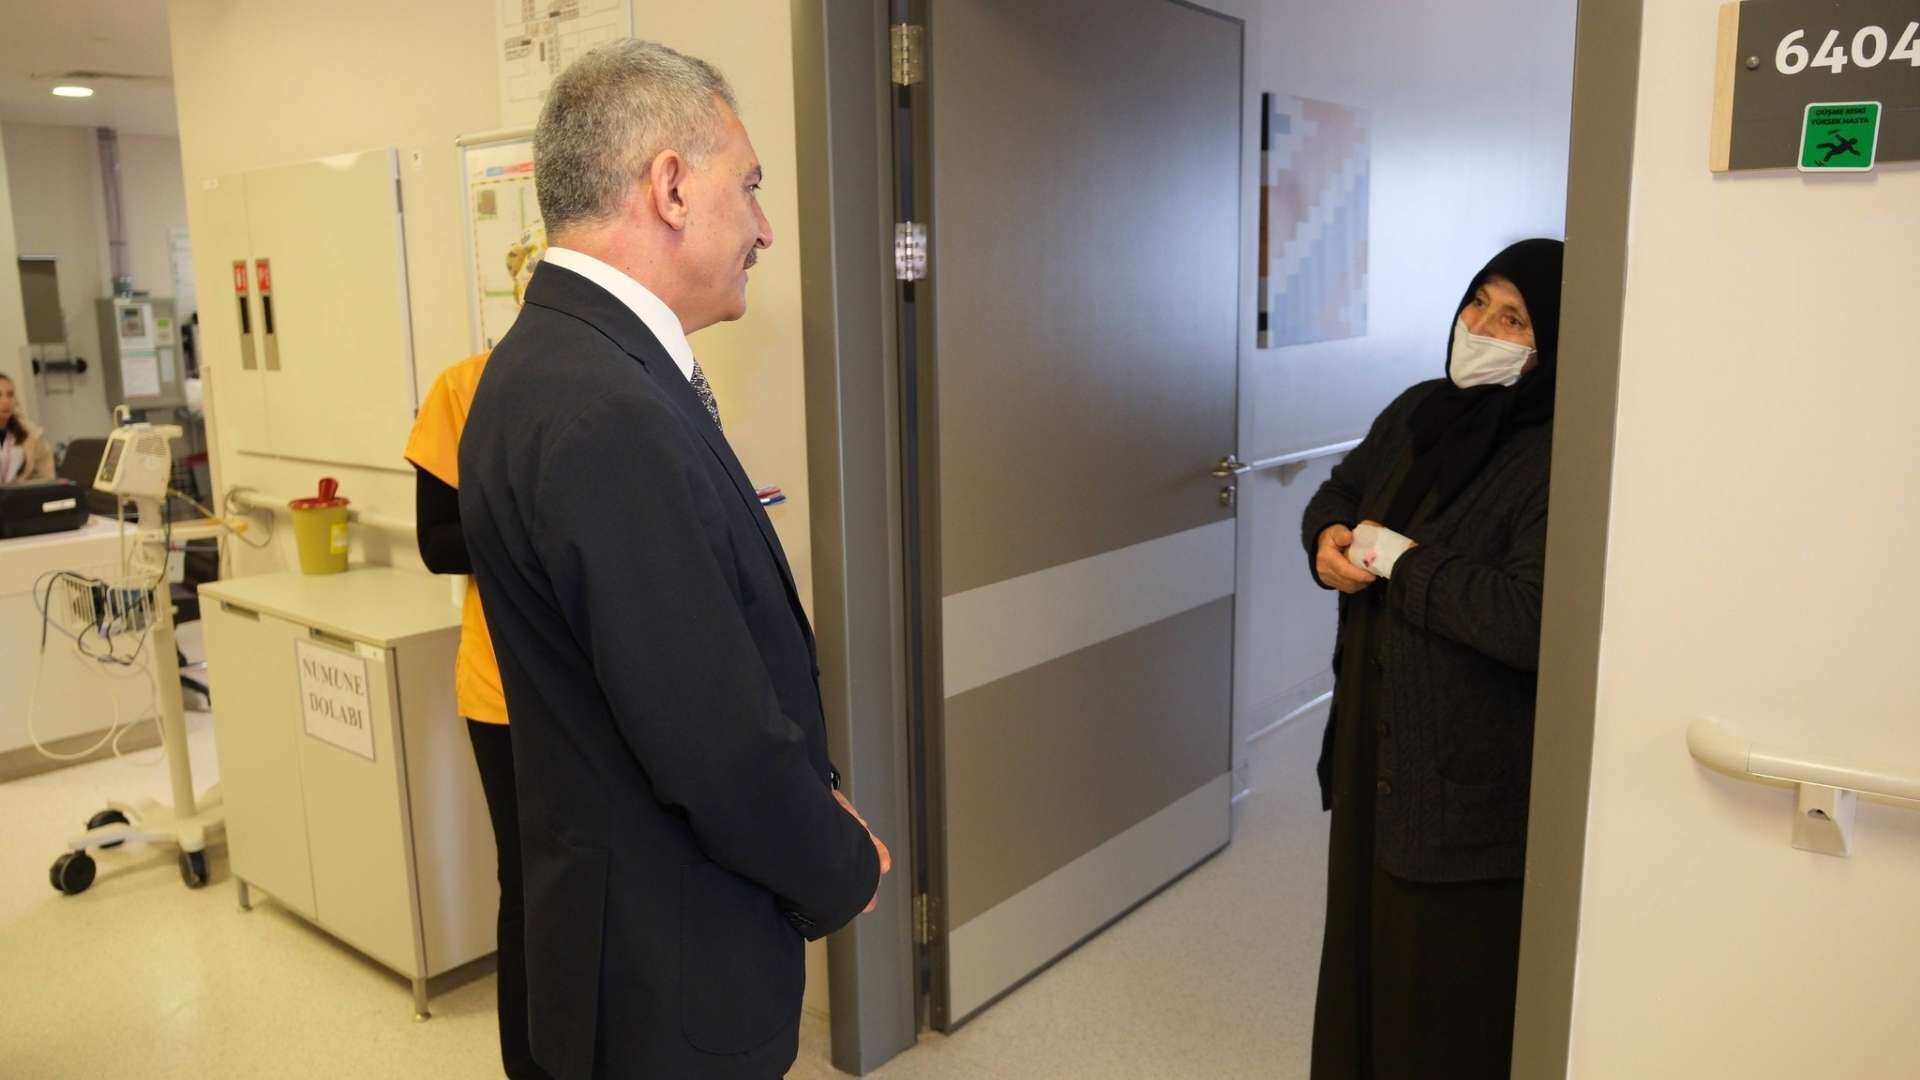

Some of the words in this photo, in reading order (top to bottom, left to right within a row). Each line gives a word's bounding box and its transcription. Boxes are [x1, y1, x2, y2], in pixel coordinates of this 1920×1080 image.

[1775, 21, 1920, 75] 6404
[1843, 117, 1869, 125] HASTA
[302, 658, 365, 697] NUMUNE
[309, 692, 363, 729] DOLABI

----

» TASK GOAL
Quote the data above in full, leaving out the pictures it holds.

» REPLY
Some of the words in this photo, in reading order (top to bottom, left to right within a row). Each line gives a word's bounding box and its transcription. Boxes are [x1, y1, x2, y2], in pixel coordinates of this 1920×1080 image.

[1775, 21, 1920, 75] 6404
[1843, 117, 1869, 125] HASTA
[302, 658, 365, 697] NUMUNE
[309, 692, 363, 729] DOLABI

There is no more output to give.